Brandon Velarde (baritone), Graham Johnson (piano)
Recording details: January 2012
All Saints' Church, East Finchley, London, United Kingdom
Produced by Mark Brown
Engineered by Julian Millard
Release date: October 2013
Total duration: 0 minutes 51 seconds
 

Reviews

‘Johnson's playing is marvellous, virtuosic where needed, but above all attuned to every nuance of his singers. This really is a multifaceted release: the blending of the art forms that was characteristic of Poulenc's time, where poets were absorbed by painters, and composers by poets, alongside the 15 singers gathered on these discs, together with the chameleon-like nature of Poulenc's own genius, all make for an enterprise of dazzling complexity. The recording quality is exemplary, combining clarity with a perfect bloom on the piano sound’ (International Record Review)
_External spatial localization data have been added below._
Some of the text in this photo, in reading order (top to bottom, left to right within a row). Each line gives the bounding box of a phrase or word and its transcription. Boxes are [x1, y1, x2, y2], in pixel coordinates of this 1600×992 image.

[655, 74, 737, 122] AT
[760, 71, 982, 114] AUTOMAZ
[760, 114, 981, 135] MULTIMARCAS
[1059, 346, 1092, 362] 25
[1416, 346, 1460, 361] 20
‘There are some outstanding performances: Christopher Maltman's account of Miroirs brûlants and La fraîcheur et le feu (both based on Eluard), and the Calligrammes (on Apollinaire's texts) are worth the price on their own, while Sarah Fox is just as persuasive in Les chemins de l'amour as she is in Tel jour telle nuit. There are telling contributions, too, from Ailish Tynan, Susan Bickley and Ben Johnson, and a brief appearance in the Quatre chansons pour enfants by the English grande dame of French song Felicity Lott. Touchingly, one work also features the voice of baritone Pierre Bernac, Poulenc's recital partner, for whom many of the songs were composed; he's the narrator in a 1977 recording of L'histoire de Babar and the whole set is dedicated to his memory. It's a gorgeous collection, and for sometime Poulenc sceptics like me, a real revelation’ (The Guardian)» More

‘Especially enjoyable is the final disc, subtitled Fancy. Soprano Susan Bickley is superb in Poulenc’s early Poèmes de Ronsard—sparky settings of Renaissance poetry, and Ashley Riches has fun with the better-known Chansons gaillardes. The Huit chansons polonaises, sung by Agnieszka Adamczak, pay oblique homage to Poulenc’s beloved Chopin. There’s not a weak link among the vocal cast, and there’s even a cameo from the great Felicity Lott. A wonderful bonus is the inclusion of a 1970s BBC taping of Babar, narrated with impeccable grace and wit by Poulenc’s long-time recital partner Pierre Bernac. Johnson’s accessible, comprehensive notes deserve to be published in book form, and Hyperion generously provide full texts and translations. These songs will comfort the most jaded of palates, and this box set contains enough riches to sustain a lifetime’s listening. In Johnson’s words, Poulenc’s music 'has seemed dark and joyous, accessible and remote, imperishable yet infinitely fragile, and now it is in the hands of a younger generation’ (TheArtsDesk.com)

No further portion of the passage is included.